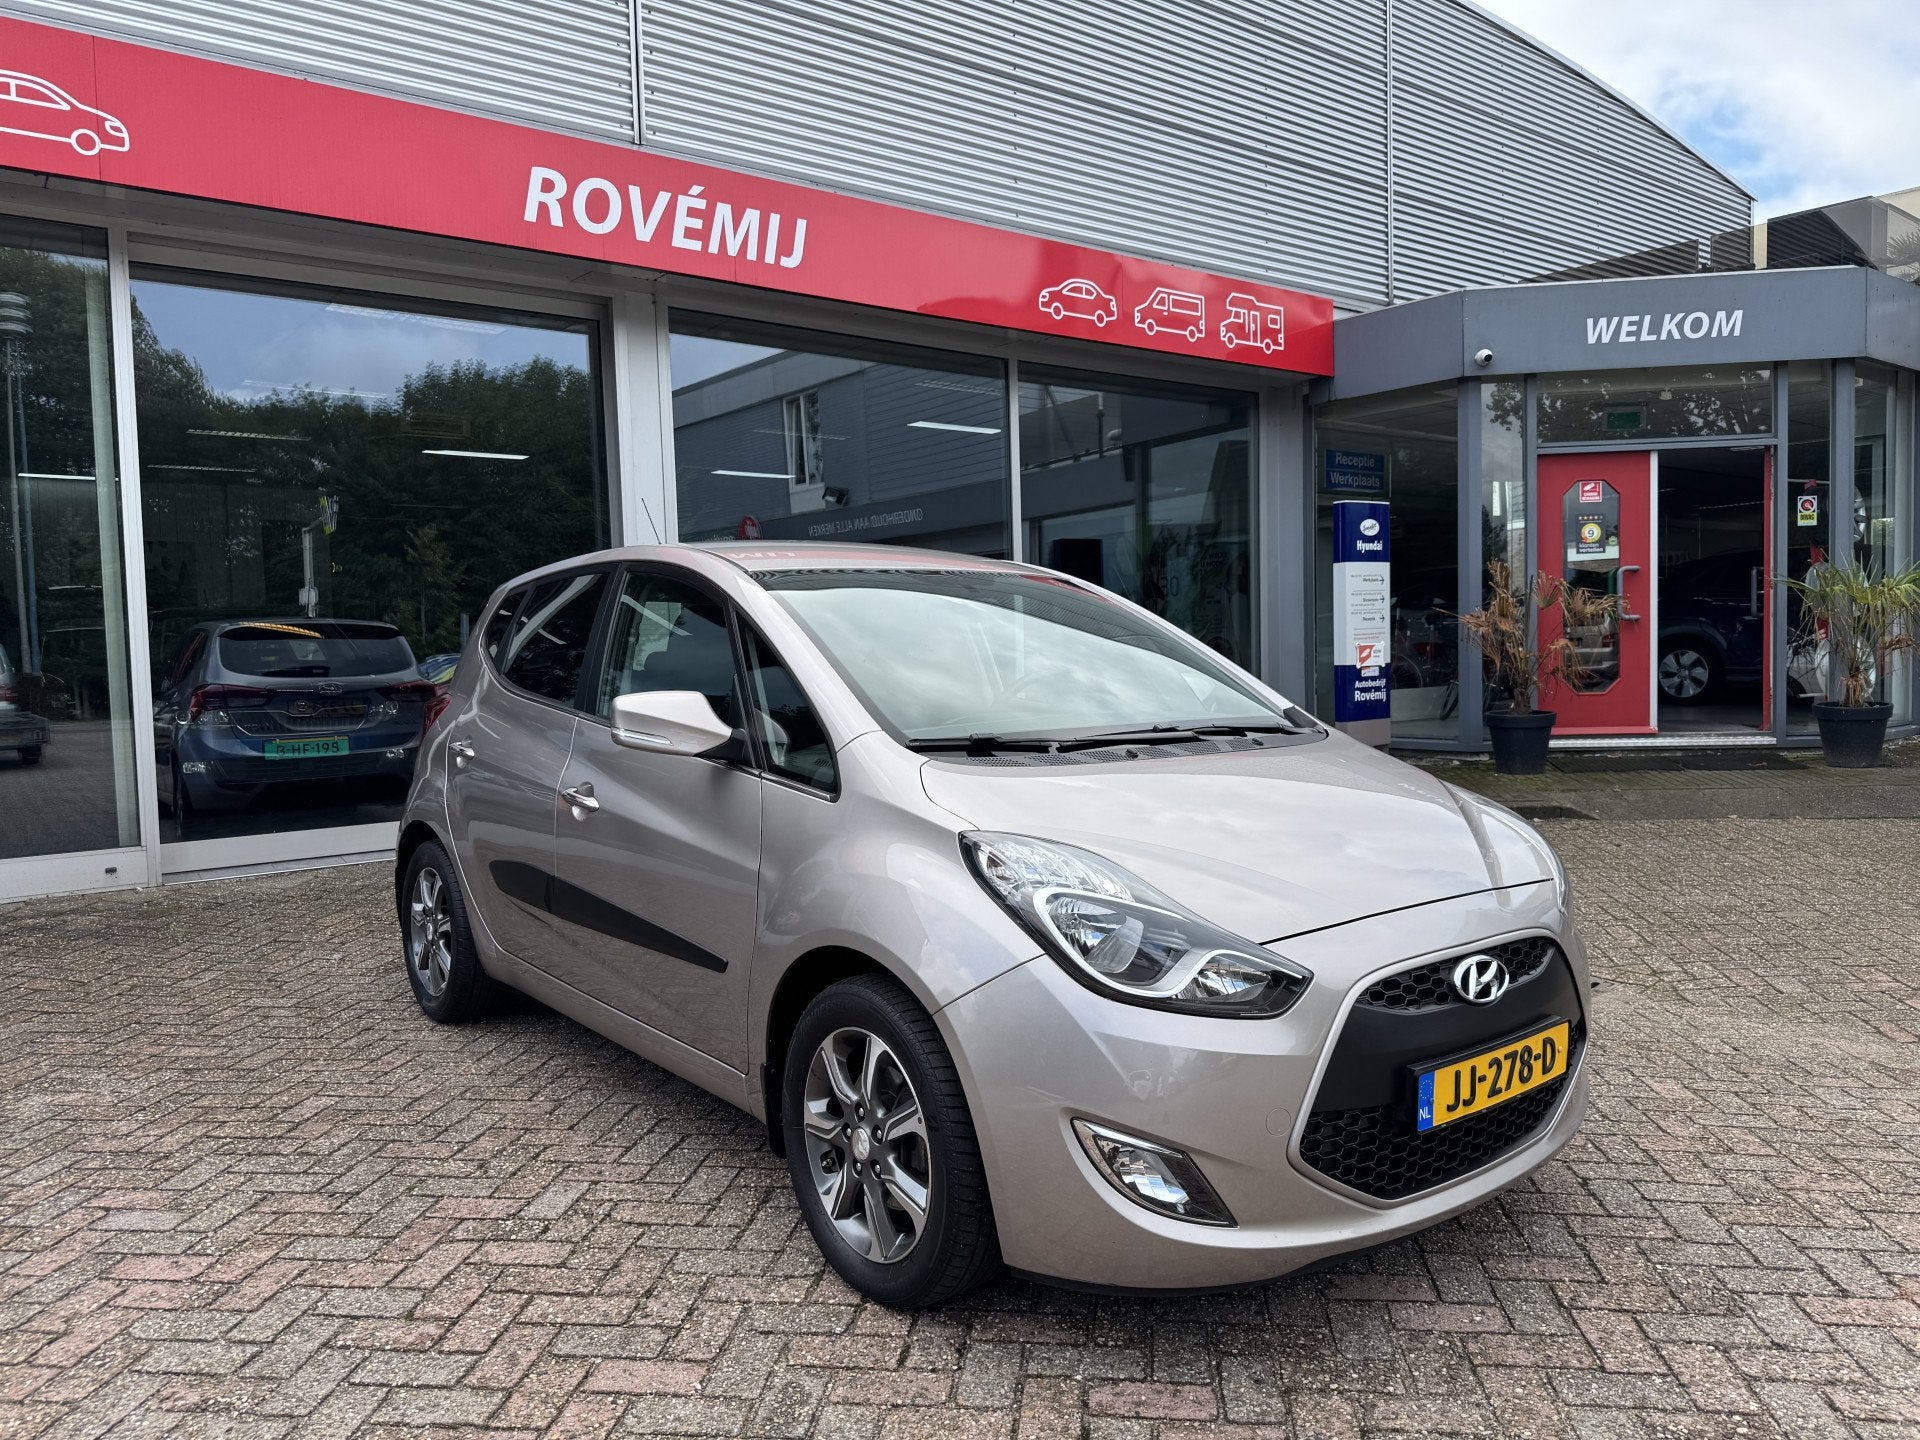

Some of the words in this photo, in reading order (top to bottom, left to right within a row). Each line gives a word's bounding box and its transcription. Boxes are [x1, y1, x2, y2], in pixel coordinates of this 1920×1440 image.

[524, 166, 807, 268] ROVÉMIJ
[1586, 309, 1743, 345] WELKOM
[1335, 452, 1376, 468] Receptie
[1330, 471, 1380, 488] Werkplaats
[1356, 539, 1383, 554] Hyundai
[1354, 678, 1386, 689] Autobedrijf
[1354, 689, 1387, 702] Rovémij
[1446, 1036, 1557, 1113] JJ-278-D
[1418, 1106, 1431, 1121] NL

****************************************

*About this exercise:* From the first line to the last, copy the listing above exactly and leave out the images.

*Task result:*
Some of the words in this photo, in reading order (top to bottom, left to right within a row). Each line gives a word's bounding box and its transcription. Boxes are [x1, y1, x2, y2], in pixel coordinates of this 1920×1440 image.

[524, 166, 807, 268] ROVÉMIJ
[1586, 309, 1743, 345] WELKOM
[1335, 452, 1376, 468] Receptie
[1330, 471, 1380, 488] Werkplaats
[1356, 539, 1383, 554] Hyundai
[1354, 678, 1386, 689] Autobedrijf
[1354, 689, 1387, 702] Rovémij
[1446, 1036, 1557, 1113] JJ-278-D
[1418, 1106, 1431, 1121] NL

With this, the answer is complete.